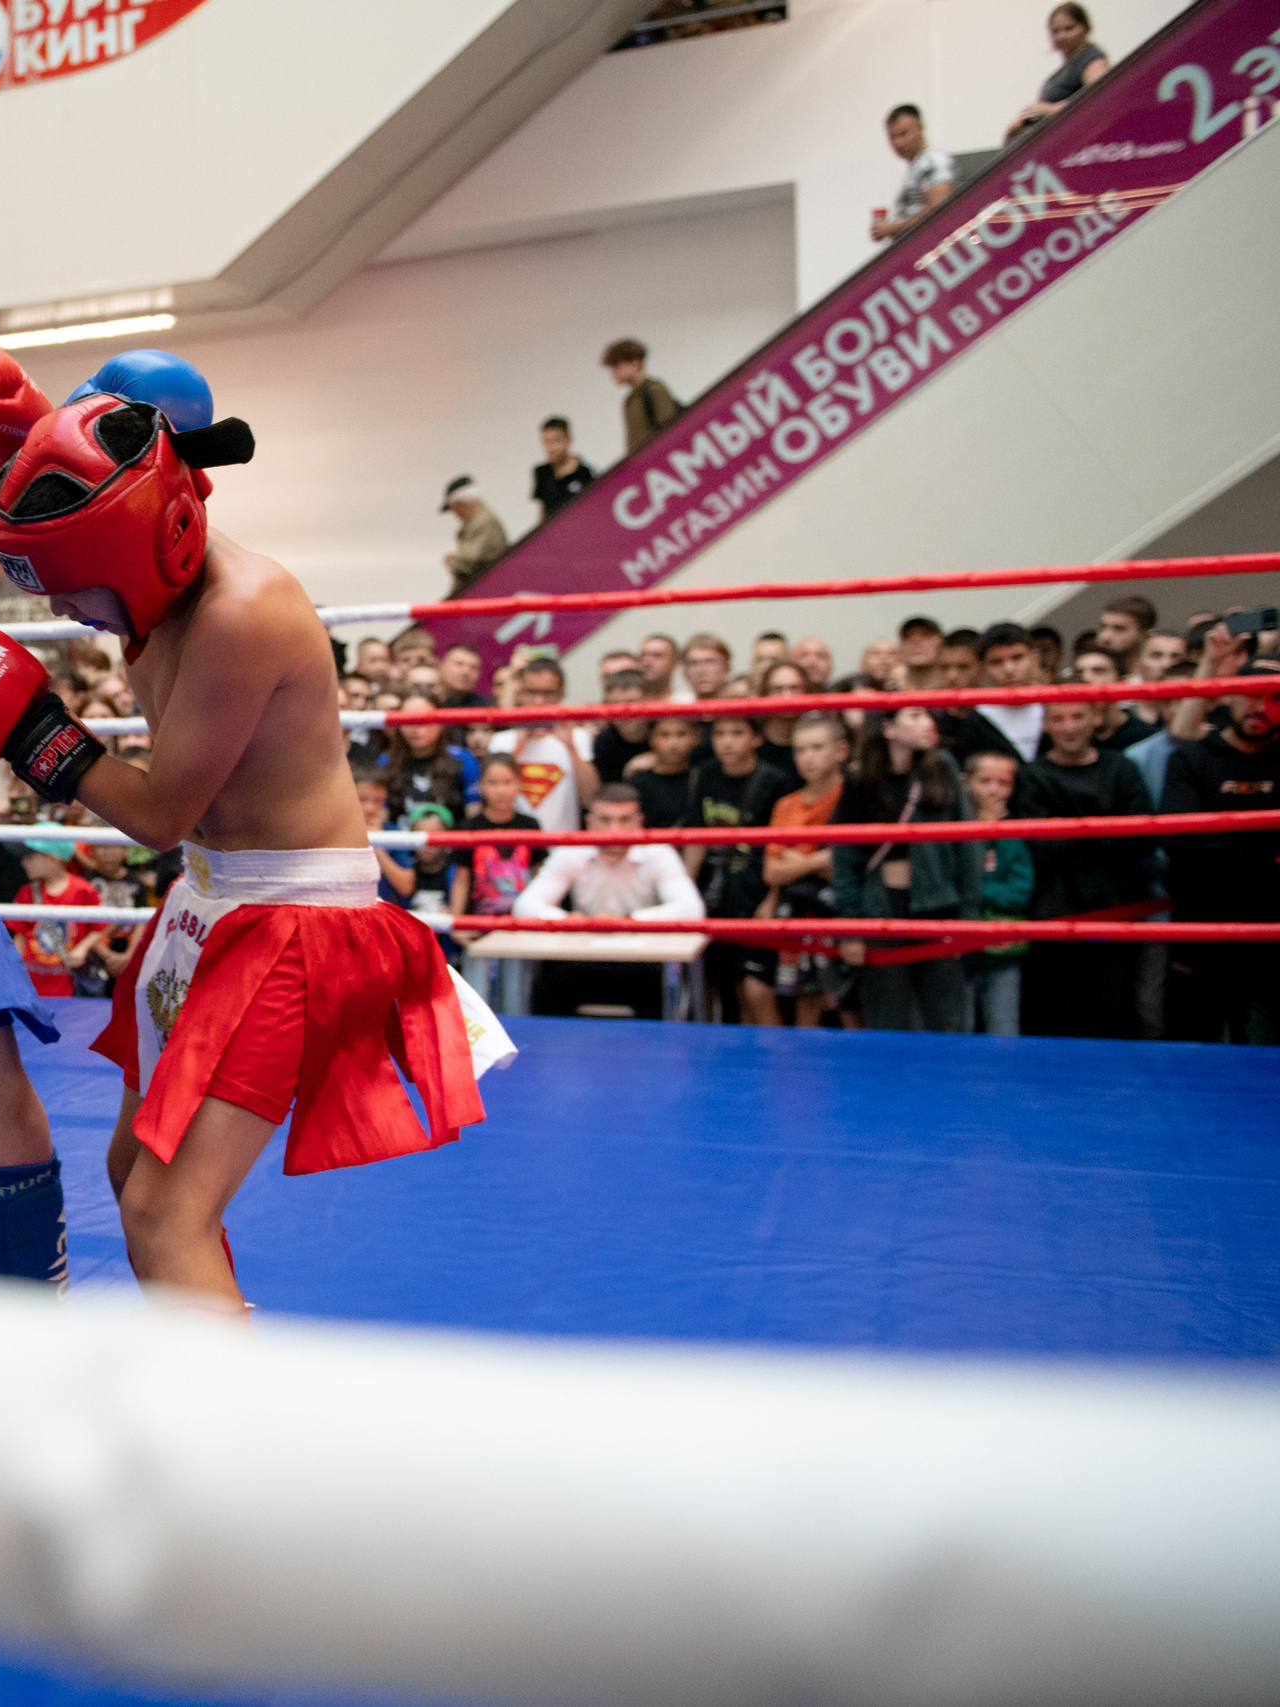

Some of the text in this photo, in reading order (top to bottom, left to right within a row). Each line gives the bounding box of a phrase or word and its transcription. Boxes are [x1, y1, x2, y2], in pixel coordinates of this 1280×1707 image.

[14, 7, 146, 76] КИНГ
[1157, 62, 1244, 145] 2
[612, 159, 1072, 530] САМЫЙ БОЛЬШОЙ
[620, 454, 783, 587] МАГАЗИН
[772, 315, 954, 464] ОБУВИ
[28, 724, 86, 782] TOPTEN
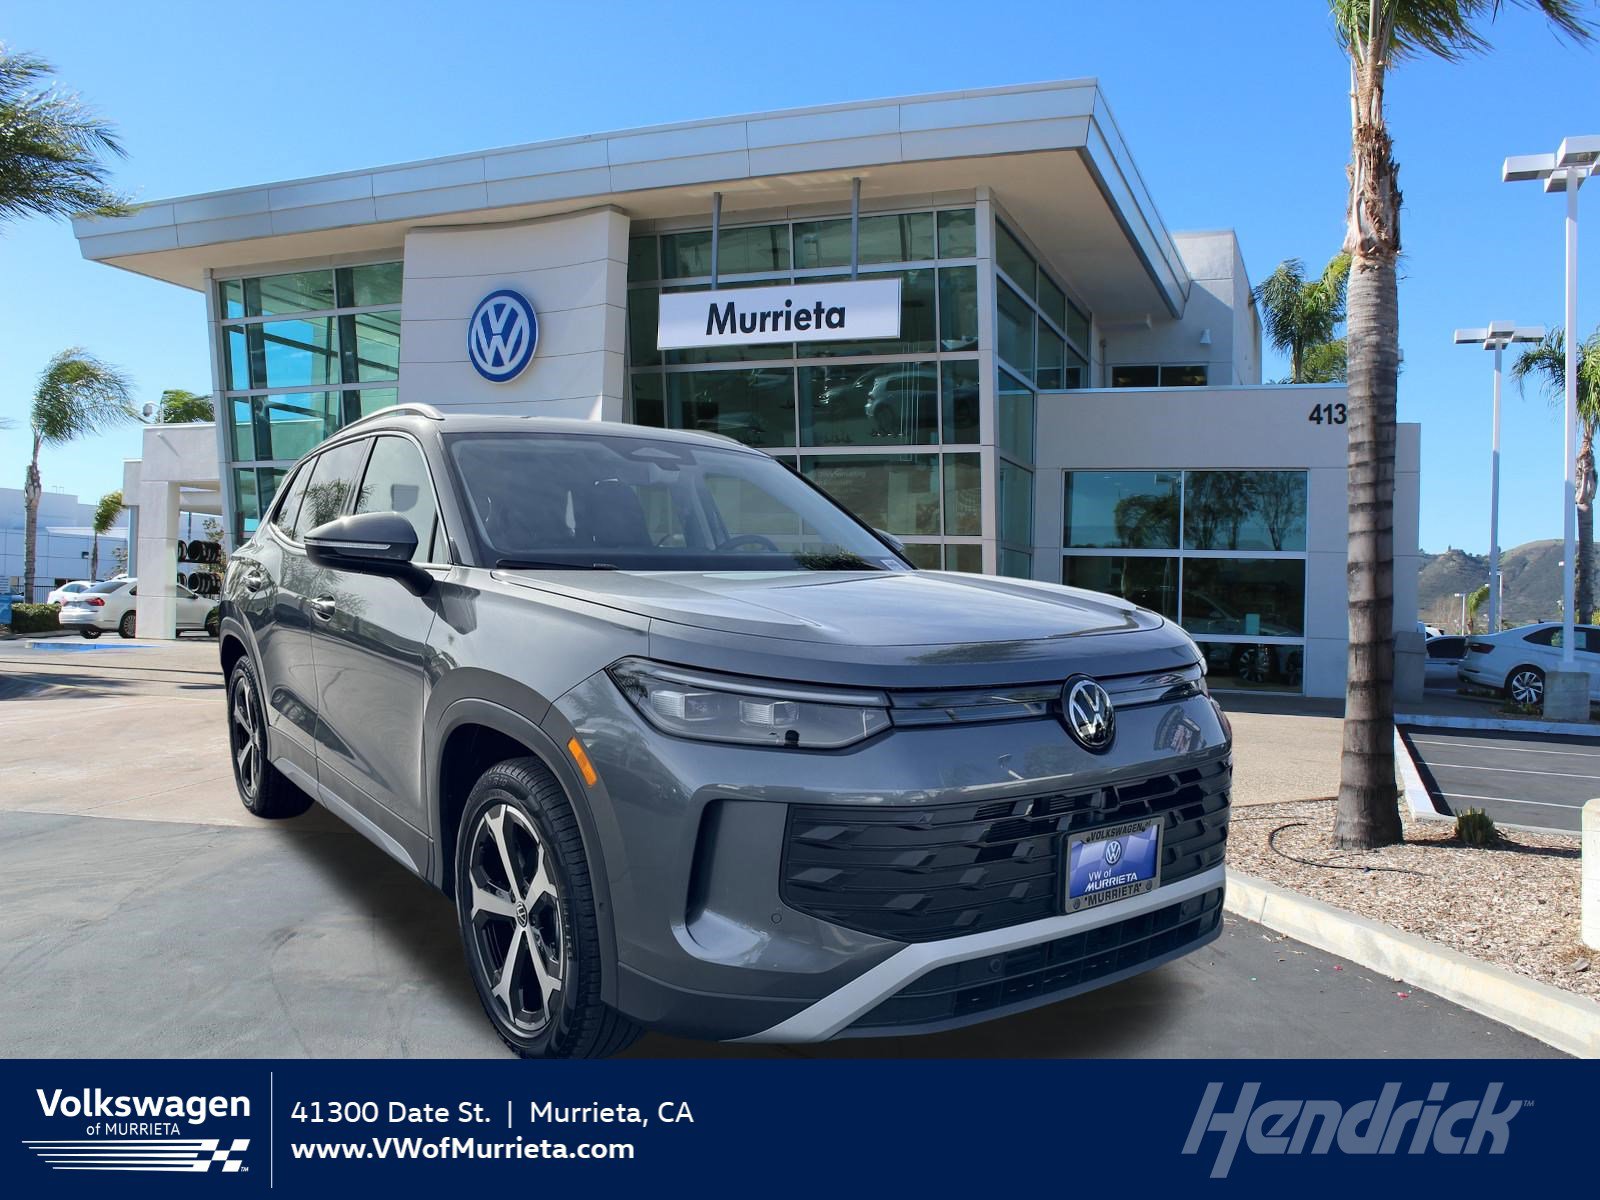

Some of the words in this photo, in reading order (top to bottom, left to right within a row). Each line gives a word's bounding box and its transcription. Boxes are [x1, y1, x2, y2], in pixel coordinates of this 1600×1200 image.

[705, 298, 846, 336] Murrieta
[1308, 403, 1347, 425] 413
[1090, 823, 1143, 841] VOLKSWAGEN
[1084, 872, 1138, 892] MURRIETA
[1088, 871, 1102, 882] VW
[1103, 868, 1112, 879] of
[1088, 885, 1140, 906] MURRIETA
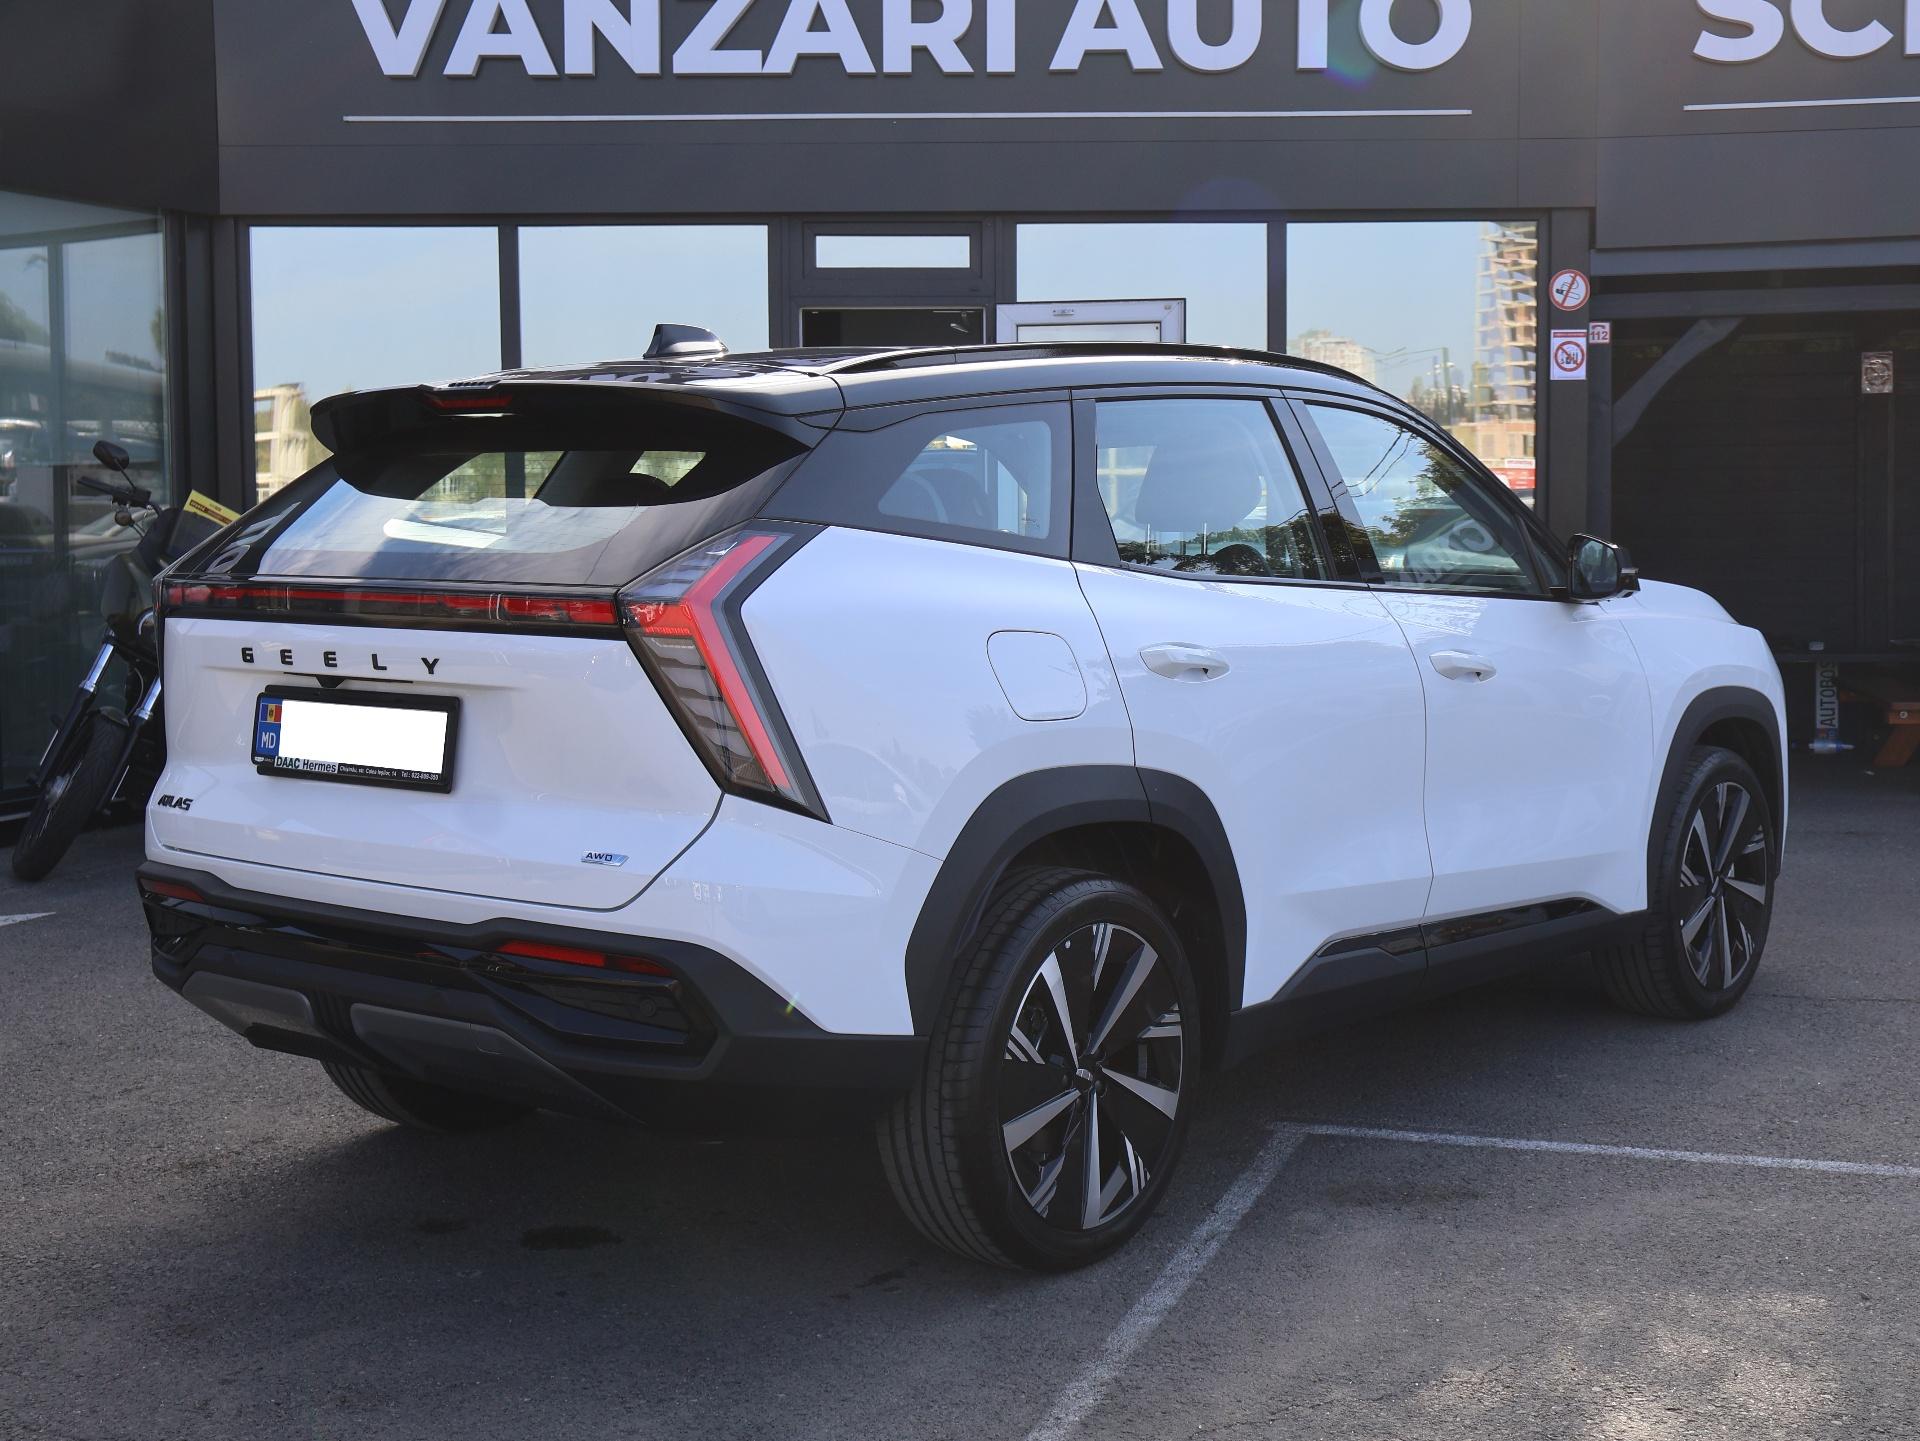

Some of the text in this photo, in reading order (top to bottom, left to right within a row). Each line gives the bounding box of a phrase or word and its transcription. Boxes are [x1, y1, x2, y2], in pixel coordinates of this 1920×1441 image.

▸ **Work task**
Quote each line of the listing exactly, but leave the pictures out.

▸ **Reply to the exercise**
Some of the text in this photo, in reading order (top to bottom, left to right within a row). Each line gives the bounding box of a phrase or word and its transcription. Boxes are [x1, y1, x2, y2], in pixel coordinates of this 1280×1707 image.

[14, 7, 146, 76] КИНГ
[1157, 62, 1244, 145] 2
[612, 159, 1072, 530] САМЫЙ БОЛЬШОЙ
[620, 454, 783, 587] МАГАЗИН
[772, 315, 954, 464] ОБУВИ
[28, 724, 86, 782] TOPTEN

Some of the words in this photo, in reading order (top to bottom, left to right within a row). Each line gives a word's bounding box and its transcription. Boxes are [x1, y1, x2, y2], in pixel coordinates of this 1600×1200 image.

[705, 298, 846, 336] Murrieta
[1308, 403, 1347, 425] 413
[1090, 823, 1143, 841] VOLKSWAGEN
[1084, 872, 1138, 892] MURRIETA
[1088, 871, 1102, 882] VW
[1103, 868, 1112, 879] of
[1088, 885, 1140, 906] MURRIETA

Some of the text in this photo, in reading order (top to bottom, left to right within a row). Each line gives the bounding box of a phrase or word and its transcription. Boxes are [x1, y1, x2, y2], in pixel coordinates of this 1920×1441 image.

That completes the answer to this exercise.